Wednesday, May 29, 2019

Some Thoughts on Buddhism and Christianity...

This will be a meandering post, but one that I feel called in the moment to do. I've been steeped in Buddhism (mostly Tibetan) and Christianity (mostly Catholicism) much of my life, without too much success in a reconciliation. I get why the attraction of Buddhism for myself and others. Like for most Western intellectuals, it gets rid of the inconvenience of a personal God along with the religious doctrine (and sometimes baggage) that accompanies it. There appears more appeal to the mystical aspect, as well as a psychological release of existential anxiety and dread. And for those who are true practitioners, the Buddhist path is more refined in methods than most mystical traditions. Also, Buddhism (as adopted in the West) often does not conflict with secular left-leaning ideologies, therefore not making many demands on lifestyle choices.

But let’s be real about one thing: Buddhism is mostly a soteriological system. It is primarily focused around liberation. Non-tantric precepts and sutras are primarily about preparing the practitioner for liberation also. There are some doctrines, rituals, and metaphysics; however, Buddhism does not offer a coherent metanarrative in history. 

An astute commenter (David Balfour) on Bruce Charlton’s blog made this point:
“Buddhism offers what it says it does and no more. A spiritual path that allows the transcendence of suffering and the ego. A way to escape the wheel of Dharma. But Buddhism does not explain why beauty in musical harmony exists, why there is creativity and play, why there are individuals to be transcended to begin with. I could go on but it dawned on me at some point that love is an act of relationships and is impoverished by abstraction and detachment from the lover and the loved one. Christianity alone adequately embraces the validity of a Buddhist path as a valid spiritual path but with the inclusion of the individual identity as something to be cherished and valued rather than rejected. Christianity alone can account for why the laws of physics allow for the emergence of a dance of souls that play, create, love and live in joy as an 'end' and not a path to a rejection of these finest of things with a static Nirvana, however blissful. If Nirvana is the stage, heaven is the eternal play that exults and celebrates the divine drama.”
It would seem to me that celebrating the “divine drama” is necessary for one to be immersed in a life affirming religion. I would add, that this drama has to be integrated in a way that makes it seem Real. It also would have to have methods to make it significant, providing a value of importance to us. And it would have to have a purpose so we know where we are going with it.

In Christianity, Christ unites in his person the transcendent and the imminent, or being and becoming, therefore giving meaning to both. The divine drama is brought together in a way that integrates the whole of Reality, offers us significance through Grace, and gives us purpose in that the God-man becomes our aim. We are not put here to transcend our desires, but to transmute them so that we can co-participate in God’s Glory.

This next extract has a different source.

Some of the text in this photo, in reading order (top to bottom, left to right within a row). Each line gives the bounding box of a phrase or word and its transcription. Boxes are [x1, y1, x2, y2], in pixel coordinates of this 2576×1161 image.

On the other hand, Buddhism is a “non-theistic” religion; however, in practice, it is somewhat polytheistic, with a retinue of various gods, goddesses and other non-corporeal beings. Buddhists will say that it's not the same as the Christian belief in God, angels, and the like, because Buddhists don't believe that their gods and angels (dakinis) “inherently exist. In Buddhist speak, they are “empty.” Buddhism yearns for purity and holiness in a higher Being, but since God and Christ are not acknowledged, this impulse is often displaced onto the guru or lama. The guru or lama is seen as a perfect being, or sort of a living God. Students are expected to live in obedience to him, and to chalk up questionable actions as “crazy wisdom” or what was appropriate to the circumstances. True nature (which the lama or guru is allegedly living from) is always seen as enlightened, and it may be the student is just deluded or ignorant.

Christianity acknowledges the purity and holiness of a personal God, but also accepts man’s fallen and sinful nature. Only God is perfect, therefore we must always accept a deep humility towards the Infinite and Absolute standard. We are not God, but in relationship to Him. The mystical quest to be with Him is an ontological quest first! With Jesus Christ being the necessary link for this quest, God comes looking for man. While the Buddhist goes looking for God (that is not a God).

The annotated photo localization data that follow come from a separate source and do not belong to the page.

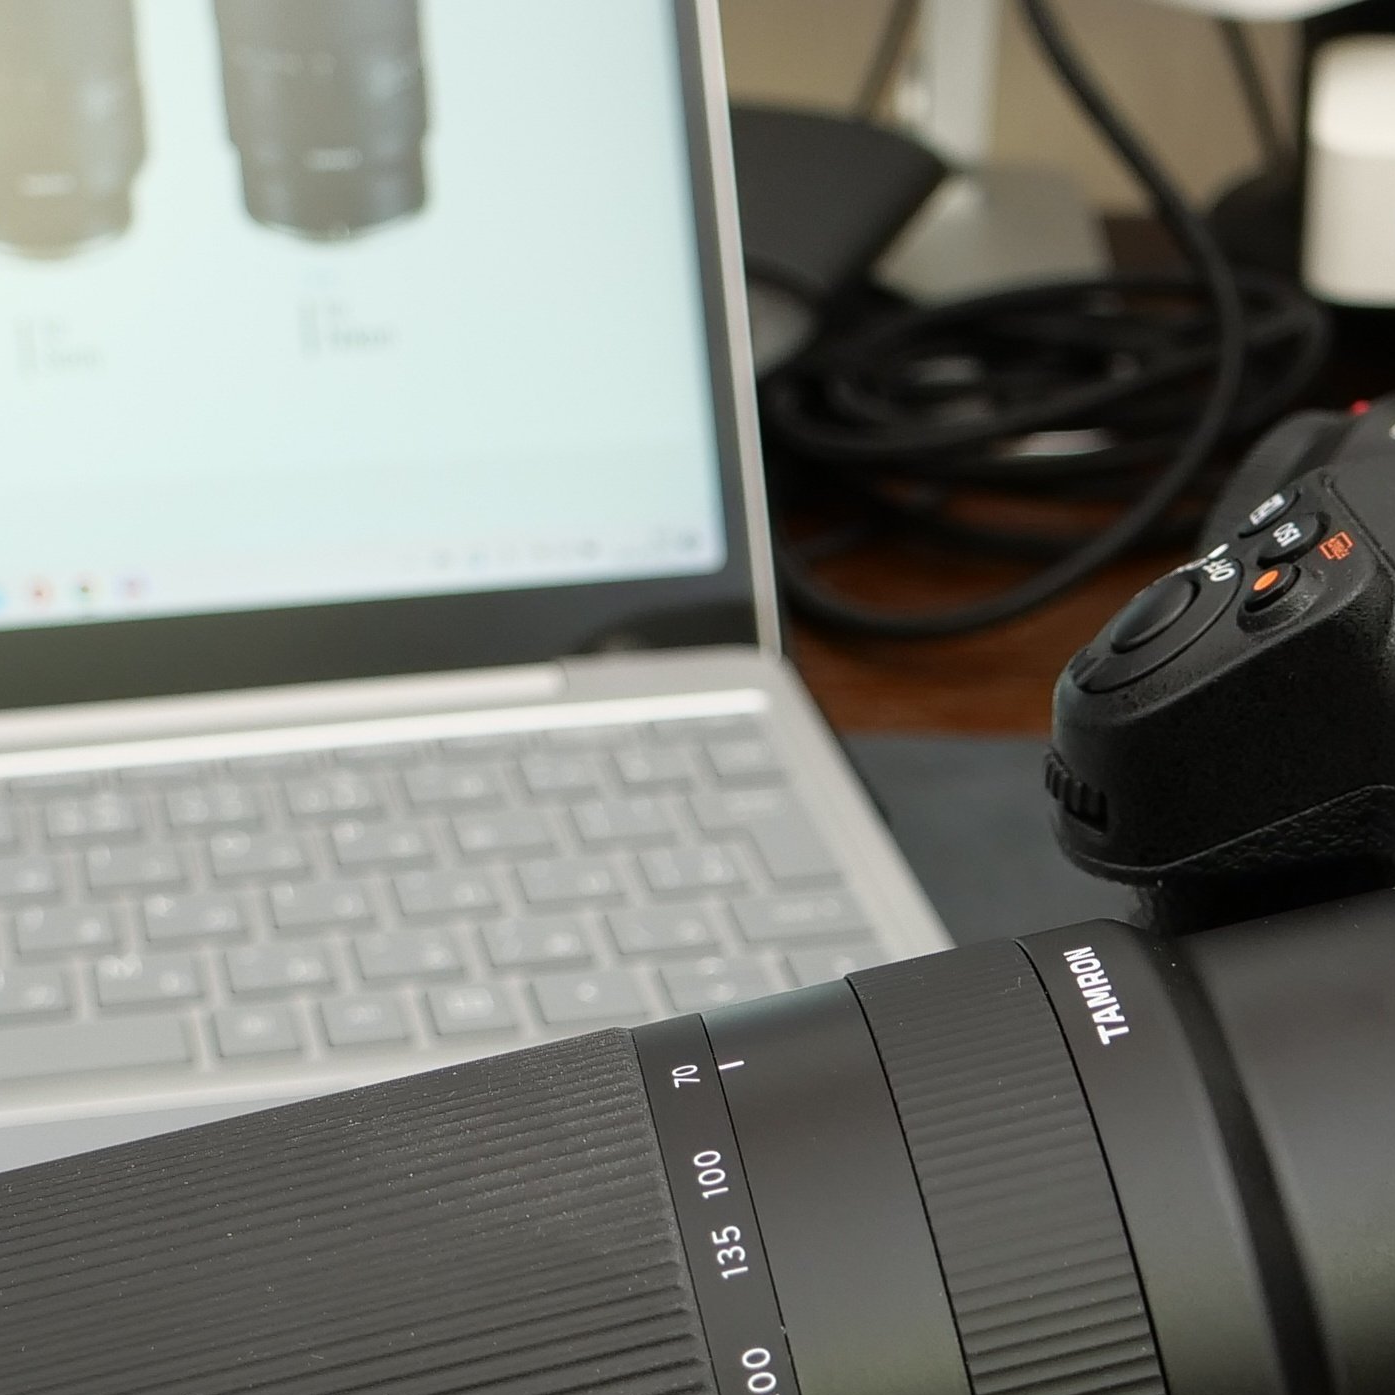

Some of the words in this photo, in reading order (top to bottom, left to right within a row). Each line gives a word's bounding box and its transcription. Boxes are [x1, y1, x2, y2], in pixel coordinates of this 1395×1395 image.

[1272, 521, 1303, 548] ISO
[1062, 945, 1130, 1046] TAMRON
[671, 1064, 701, 1089] 70
[693, 1150, 730, 1199] 100
[711, 1225, 749, 1280] 135

Certainly I wish more Christians would move beyond the rote ritualism or “emotionalism” they feel with Christ, and immerse themselves in a deeper mystical and metaphysical quest with the Sacred. But like even in Buddhism, religions need to meet people where they are. And as Westerners, we are probably better served by a religion that has tilled the fertile soil we abide in. 

As for the Westerners who adopt Eastern forms of mysticism because they are on the run from God, there is always the hope they may come back to the Church with a revitalized Christianity that would nicely mimic the Prodigal Son parable. Still, my meditation teacher would frequently prophetize “Buddhism is coming to the West.” It may continue to make headway since it is not fraught with the tarnishes of Christianity in our secular world. But I am not sold that it will produce the saints and proper sacrifices we will need in the coming days.

Tuesday, May 21, 2019

All Things Made New — But Not Radically Different

For things to be, there appears to be a necessary dance between order and chaos. As Bob says, “In a very real sense, the seeds of order are impotent in the absence of fertile soil of chaos.” Chaos can be all noise, but without some order (the signal) there would be no creation and no creativity. And order without some chaos, the cosmos (if it even could exist) would be inert, static, and deadening.

So we have to grant that God gives some measure to both order and chaos. And little dab here and a little dab there, and you have existence, life, and mind!  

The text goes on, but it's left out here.